* Pierre-Elliott Bécue <peb@debian.org> [240923 11:34]:
I like ifupdown. It's simple and just works.
I find this quite funny, given a recent discussion about IPv6 dad
issues with ifupdown on #debian-admin.
5.4.5. When Duplicate Address Detection Fails
[...] If the address is a link-local address formed from an interface
identifier, the interface SHOULD be disabled.
3.3. Operational Considerations
[...]the noncompliant device would
follow current behavior and disable IPv6 on that interface due to DAD
until manual intervention restores it.
On Mon, Sep 23, 2024 at 12:25:15PM +0200, Chris Hofstaedtler wrote:
* Pierre-Elliott Bécue <peb@debian.org> [240923 11:34]:
I like ifupdown. It's simple and just works.
I find this quite funny, given a recent discussion about IPv6 dad
issues with ifupdown on #debian-admin.
The "discussion" was about ifup@eth0 being in a failed state on a
particular server due to a DAD failure and someone having to manually intervene.

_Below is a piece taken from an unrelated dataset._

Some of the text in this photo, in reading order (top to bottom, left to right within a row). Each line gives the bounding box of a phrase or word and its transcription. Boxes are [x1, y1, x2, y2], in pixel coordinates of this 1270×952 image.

Chris, what behaviour do you expect here? Below I'm going to assume what you're getting at is that we should continue to retry DAD.

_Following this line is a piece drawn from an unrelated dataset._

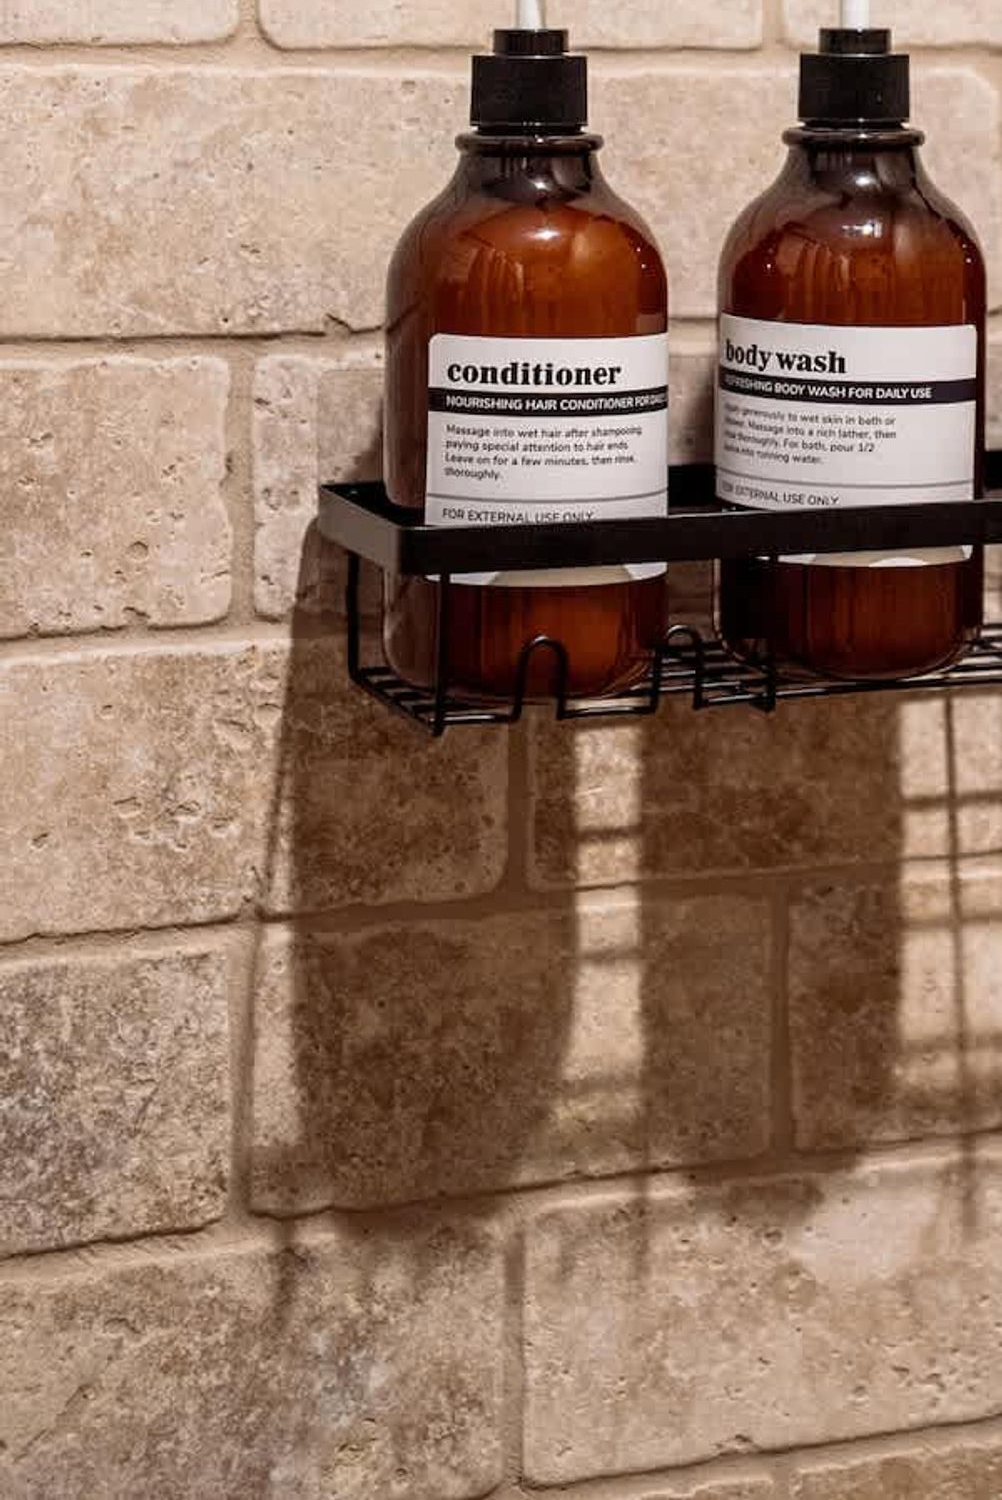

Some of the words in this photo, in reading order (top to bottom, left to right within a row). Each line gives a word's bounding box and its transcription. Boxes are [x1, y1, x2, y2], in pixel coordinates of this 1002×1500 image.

To me going to a stable failure state seems desirable. Continuing to re-try for IPs could cause instability in the face of legitimate address
conflicts: when the owning machine reboots the conflicting machine would
now win the IP due to continous retrying. The change in owner would cause disruption to services entirely unrelated to the machine that was just rebooted.

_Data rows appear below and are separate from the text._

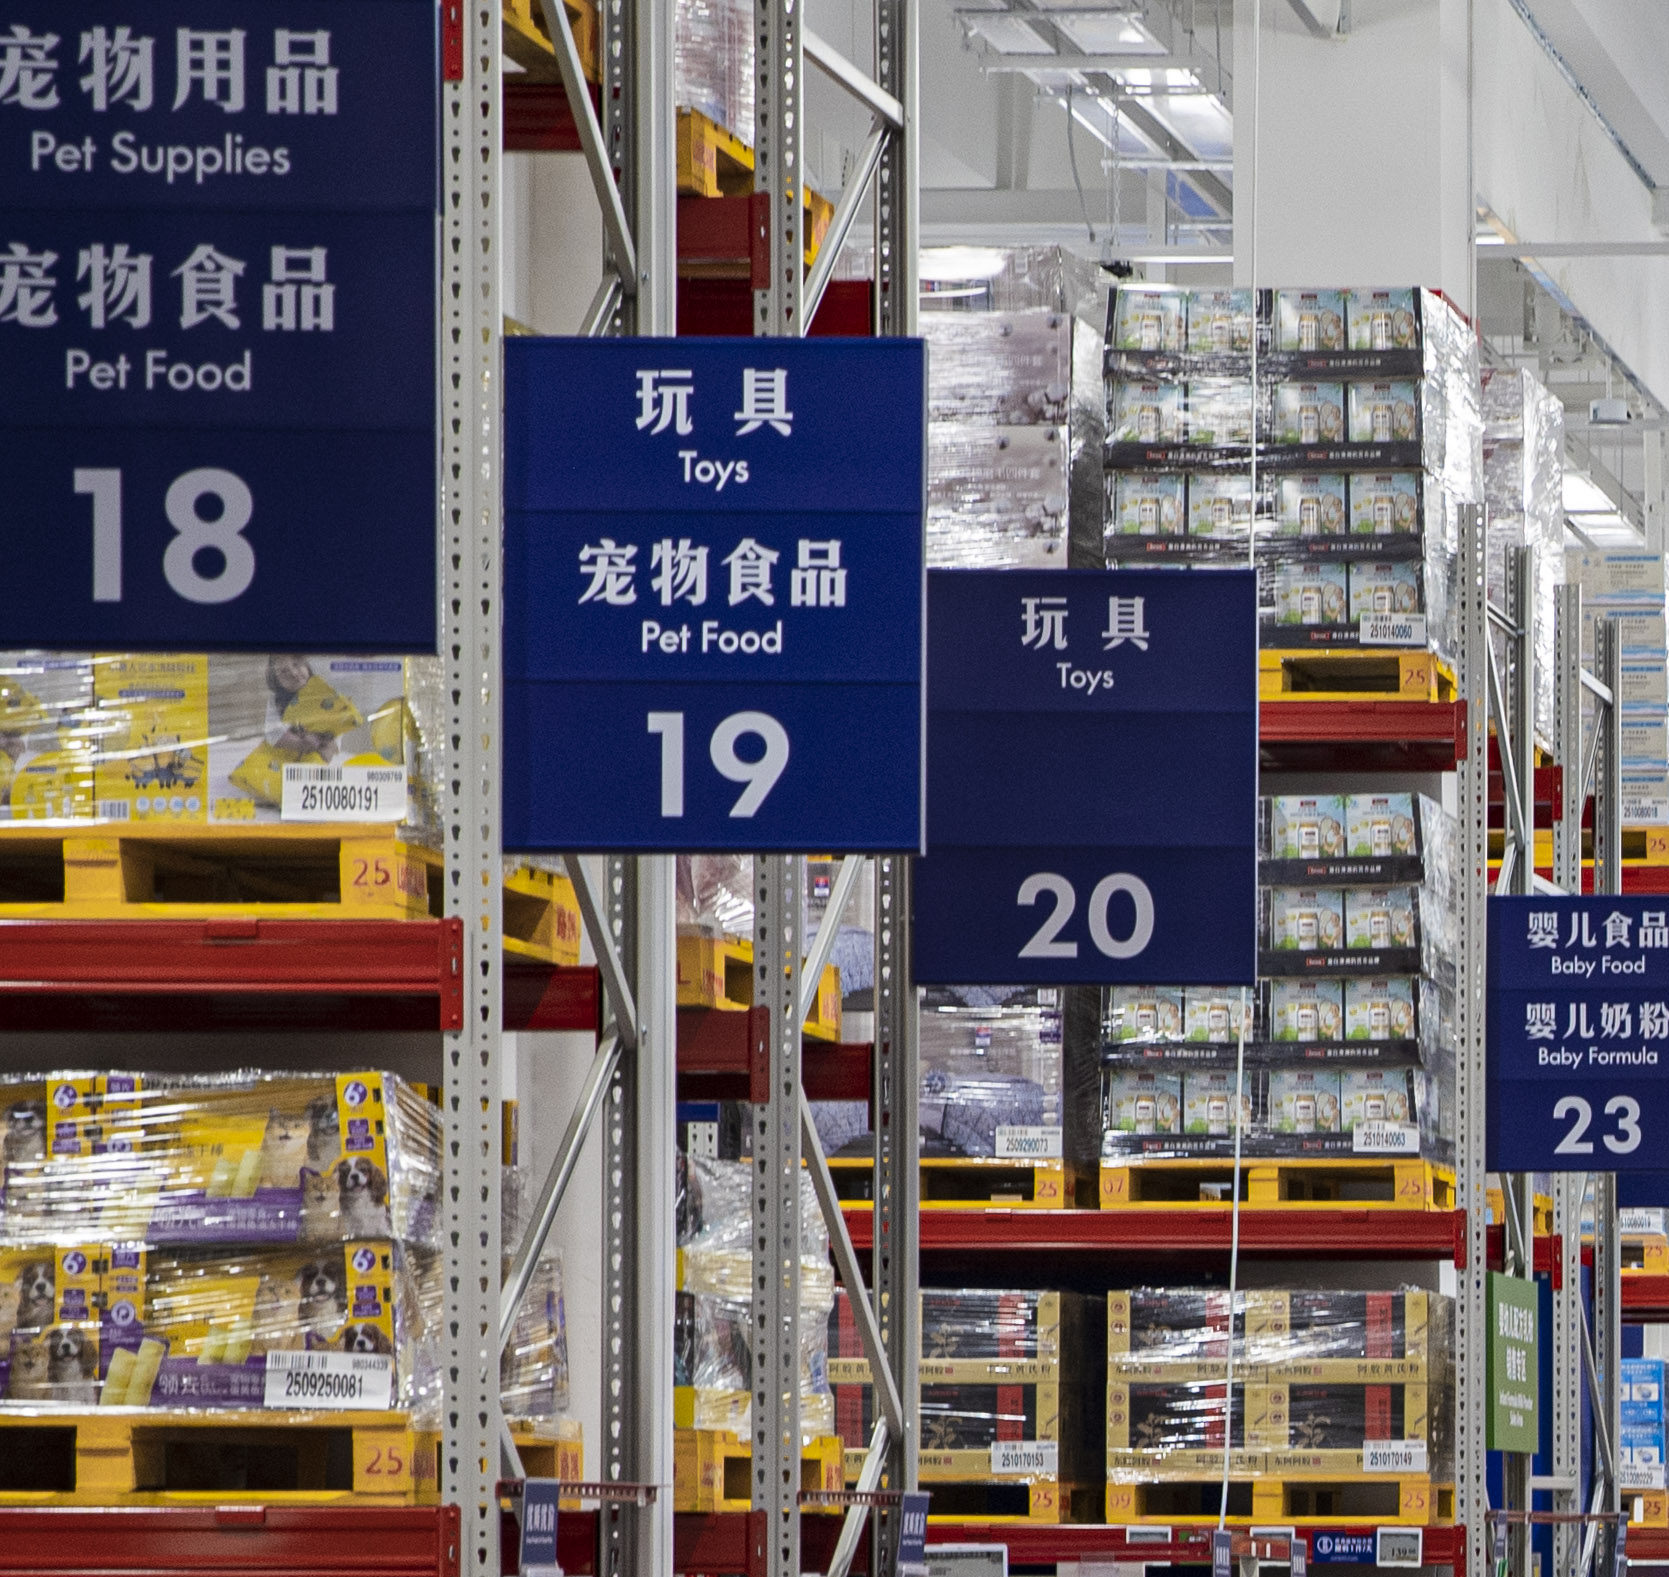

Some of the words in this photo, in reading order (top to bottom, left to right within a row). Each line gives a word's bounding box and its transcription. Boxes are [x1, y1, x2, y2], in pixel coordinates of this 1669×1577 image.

[0, 26, 339, 115] 宠物用品
[31, 132, 97, 172] Pet
[110, 132, 290, 184] Supplies
[0, 244, 336, 331] 宠物食品
[66, 352, 131, 390] Pet
[145, 350, 252, 392] Food
[636, 367, 793, 437] 玩具
[678, 451, 749, 490] Toys
[73, 467, 255, 605] 18
[578, 540, 847, 608] 宠物食品
[641, 622, 692, 654] Pet
[701, 621, 783, 655] Food
[1021, 597, 1150, 651] 玩具
[1370, 625, 1413, 639] 2510140060
[1056, 662, 1114, 696] Toys
[1405, 669, 1426, 686] 25
[646, 710, 790, 819] 19
[302, 785, 379, 812] 2510080191
[1649, 838, 1667, 851] 25
[352, 858, 391, 888] 25
[1016, 872, 1155, 959] 20
[1527, 911, 1669, 950] 婴儿食品
[1551, 956, 1596, 978] Baby
[1601, 956, 1646, 974] Food
[1538, 1047, 1584, 1070] Baby
[1588, 1047, 1658, 1066] Formula
[1363, 1132, 1406, 1146] 2510140063
[1553, 1095, 1642, 1155] 23
[1037, 1181, 1058, 1198] 25
[1102, 1177, 1124, 1195] 07
[1400, 1176, 1421, 1194] 25
[285, 1372, 363, 1399] 2509250081
[365, 1446, 403, 1475] 25
[1002, 1453, 1044, 1467] 2510170153
[1370, 1452, 1412, 1466] 2510170149
[1032, 1491, 1053, 1509] 25
[1404, 1491, 1426, 1509] 25

I like ifupdown. It's simple and just works.
I find this quite funny, given a recent discussion about IPv6 dad
issues with ifupdown on #debian-admin.
The "discussion" was about ifup@eth0 being in a failed state on a particular server due to a DAD failure and someone having to manually intervene.
I find my ghost being invoked here.
Chris, what behaviour do you expect here? Below I'm going to assume what you're getting at is that we should continue to retry DAD.
To me going to a stable failure state seems desirable. Continuing to re-try for IPs could cause instability in the face of legitimate address conflicts: when the owning machine reboots the conflicting machine would now win the IP due to continous retrying. The change in owner would cause disruption to services entirely unrelated to the machine that was just rebooted.
DAD did not fail, it timed out after 60 sleeps of 0.1, aka 6s. The kernel subsequently succeeded to configure the network. The script in question was added in response to [1] and [2] to have a pause during boot to give the kernel time to resolve the situation before continuing the bootup. So it
left the race around because there's not that much it can do better as a script-based setup without much state.